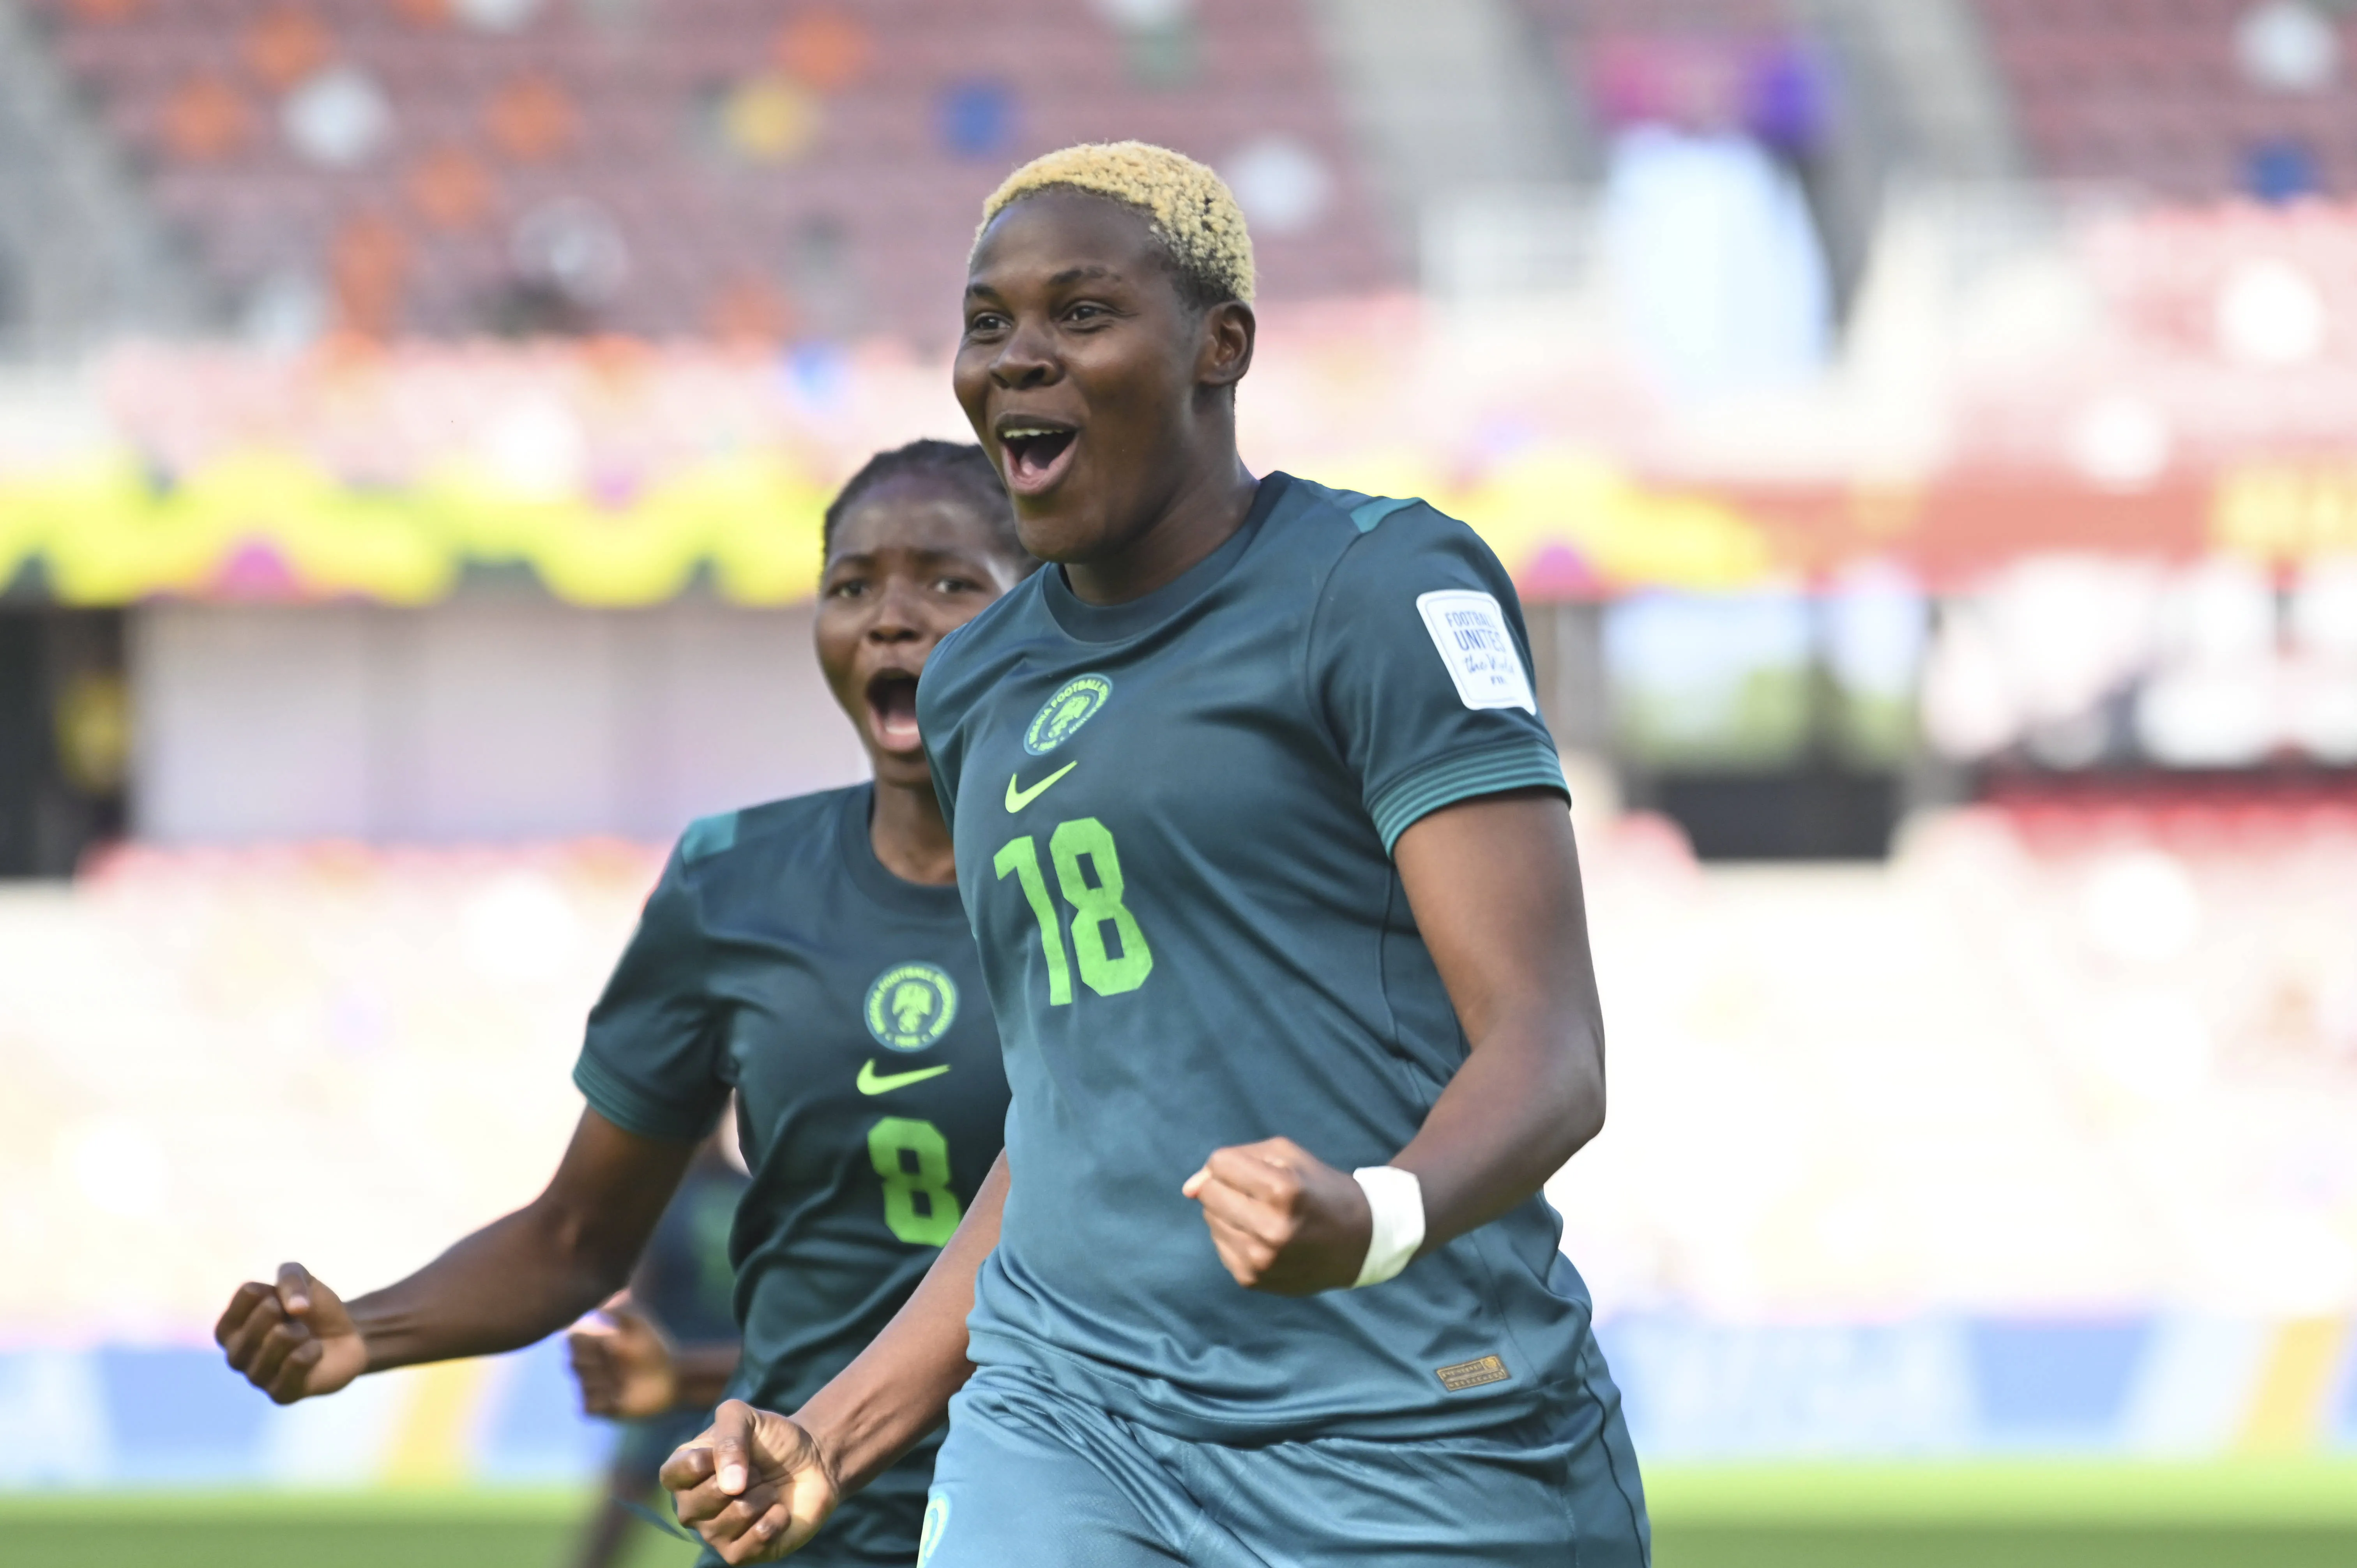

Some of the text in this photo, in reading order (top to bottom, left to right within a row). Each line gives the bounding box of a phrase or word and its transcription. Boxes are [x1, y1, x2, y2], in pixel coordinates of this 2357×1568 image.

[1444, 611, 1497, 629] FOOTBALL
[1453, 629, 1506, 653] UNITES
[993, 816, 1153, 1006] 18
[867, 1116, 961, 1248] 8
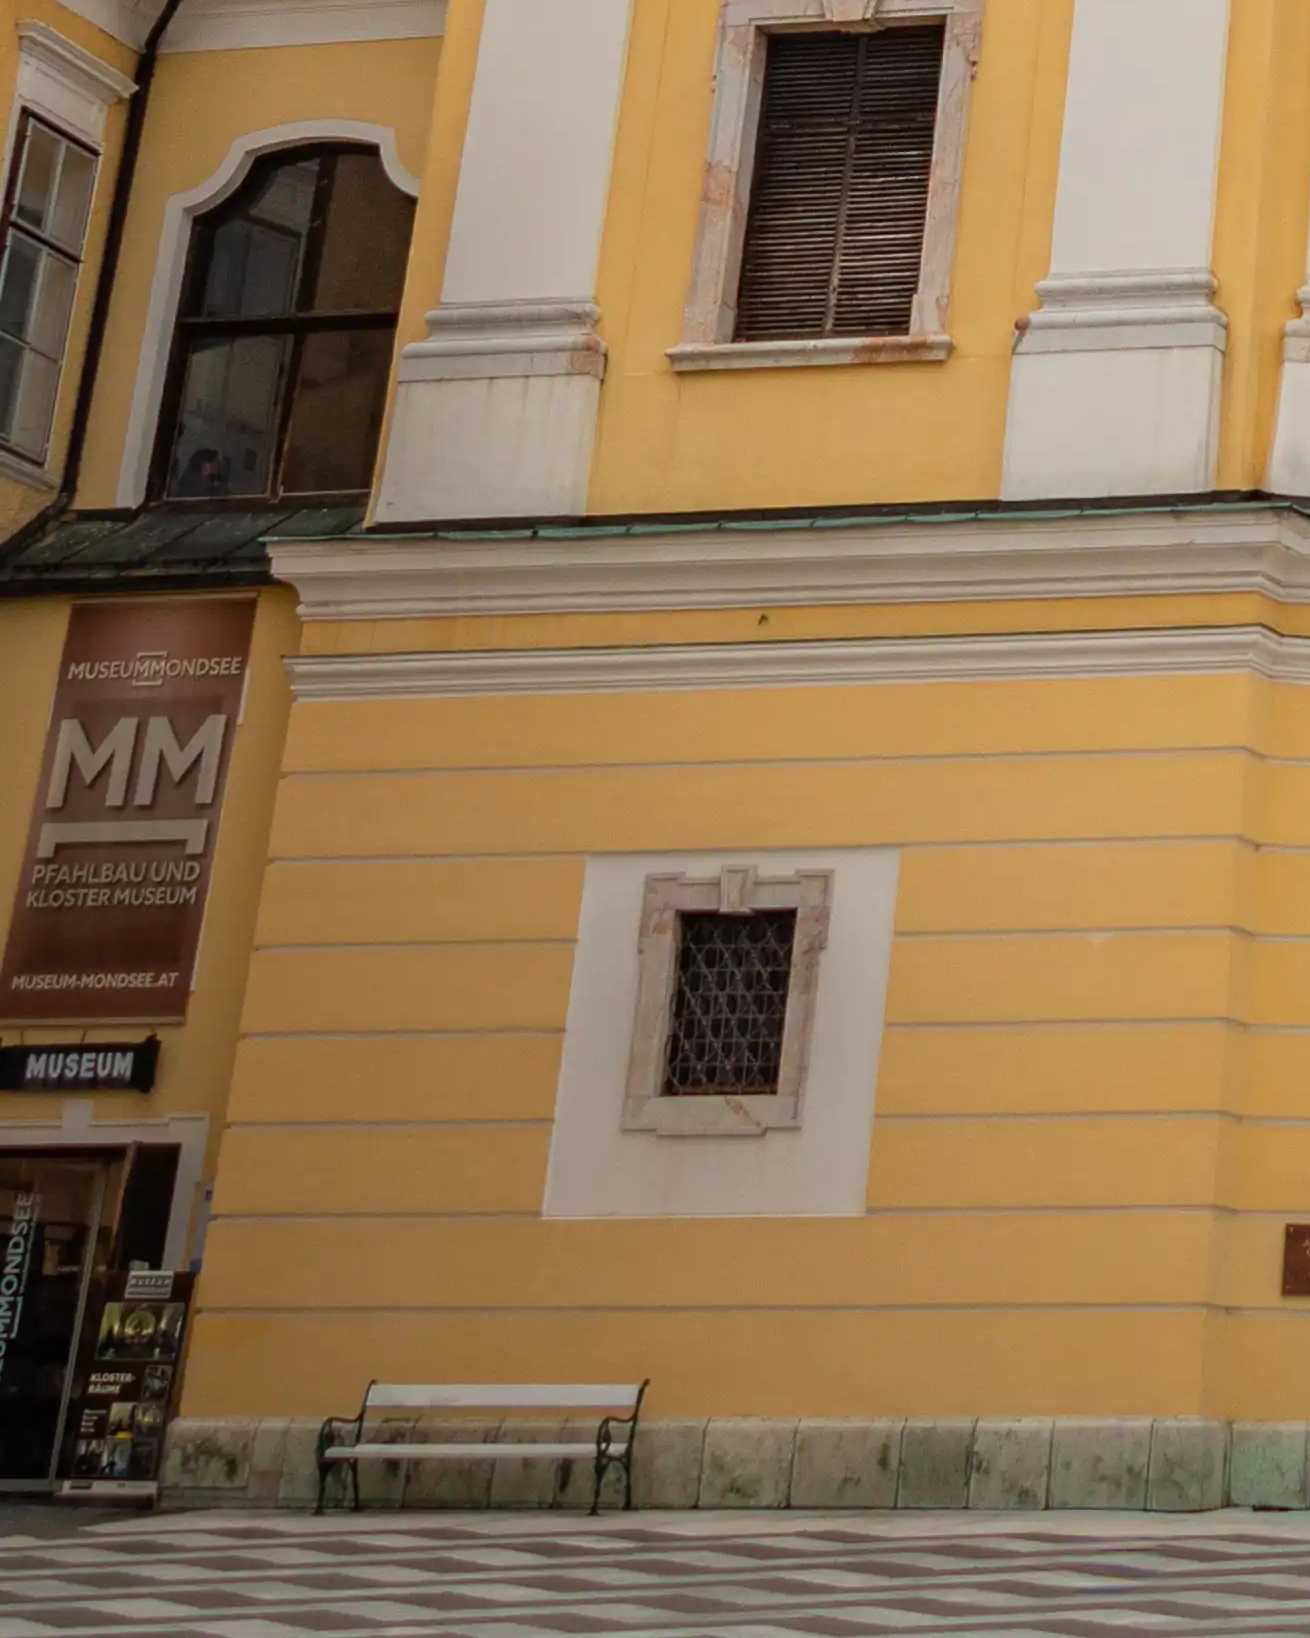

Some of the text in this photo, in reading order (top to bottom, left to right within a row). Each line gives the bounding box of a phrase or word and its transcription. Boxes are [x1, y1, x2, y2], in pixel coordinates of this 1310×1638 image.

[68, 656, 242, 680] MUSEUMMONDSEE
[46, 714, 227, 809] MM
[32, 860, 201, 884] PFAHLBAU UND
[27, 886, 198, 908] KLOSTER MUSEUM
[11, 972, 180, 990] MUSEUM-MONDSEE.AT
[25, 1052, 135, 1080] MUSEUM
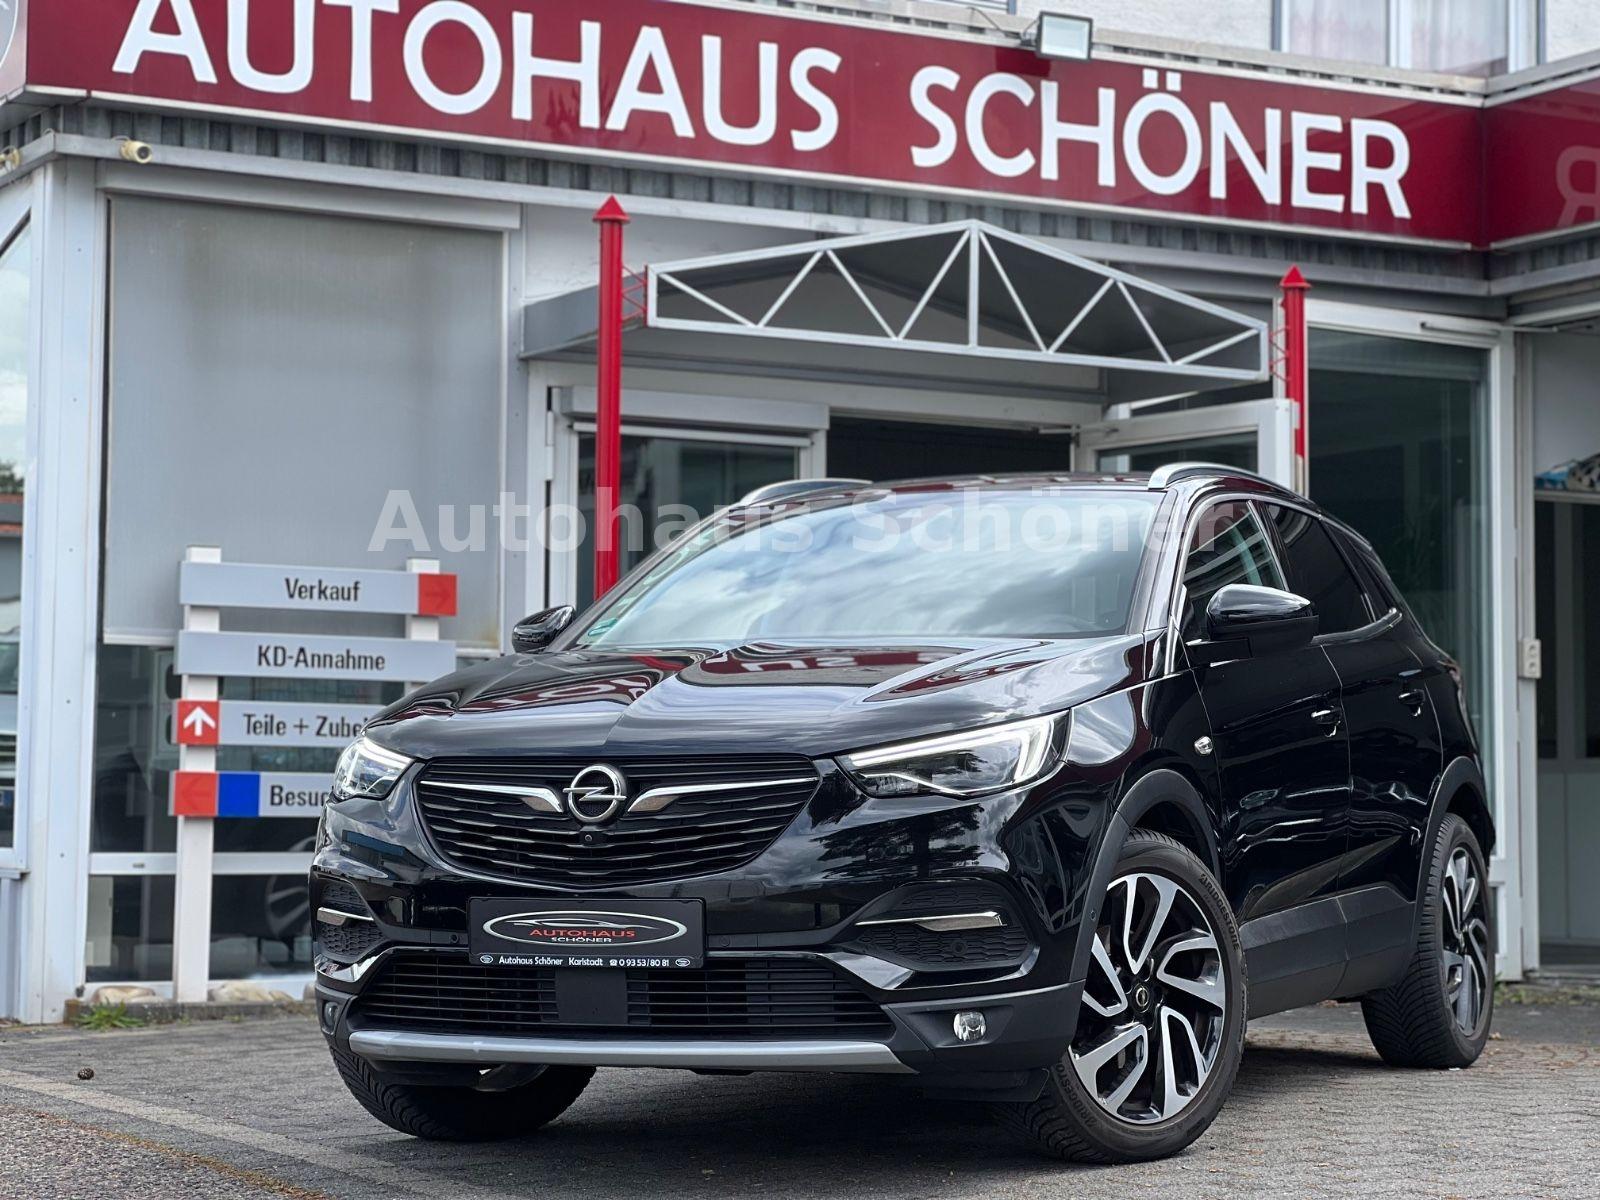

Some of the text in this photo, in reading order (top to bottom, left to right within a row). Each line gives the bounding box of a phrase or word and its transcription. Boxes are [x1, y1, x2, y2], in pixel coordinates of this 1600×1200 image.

────────────────────────────────────────

What the response needs is every entry, repeated exactly, and none of the pictures.

=== ANSWER BELOW ===
Some of the text in this photo, in reading order (top to bottom, left to right within a row). Each line gives the bounding box of a phrase or word and its transcription. Boxes are [x1, y1, x2, y2], in pixel coordinates of this 2357×1568 image.

[1444, 611, 1497, 629] FOOTBALL
[1453, 629, 1506, 653] UNITES
[993, 816, 1153, 1006] 18
[867, 1116, 961, 1248] 8

Some of the text in this photo, in reading order (top to bottom, left to right within a row). Each line gives the bounding box of a phrase or word and its transcription. Boxes are [x1, y1, x2, y2], in pixel coordinates of this 1310×1638 image.

[68, 656, 242, 680] MUSEUMMONDSEE
[46, 714, 227, 809] MM
[32, 860, 201, 884] PFAHLBAU UND
[27, 886, 198, 908] KLOSTER MUSEUM
[11, 972, 180, 990] MUSEUM-MONDSEE.AT
[25, 1052, 135, 1080] MUSEUM

Some of the text in this photo, in reading order (top to bottom, left to right within a row). Each line gives the bounding box of a phrase or word and its transcription. Boxes are [x1, y1, x2, y2], in pixel coordinates of this 1600×1200 image.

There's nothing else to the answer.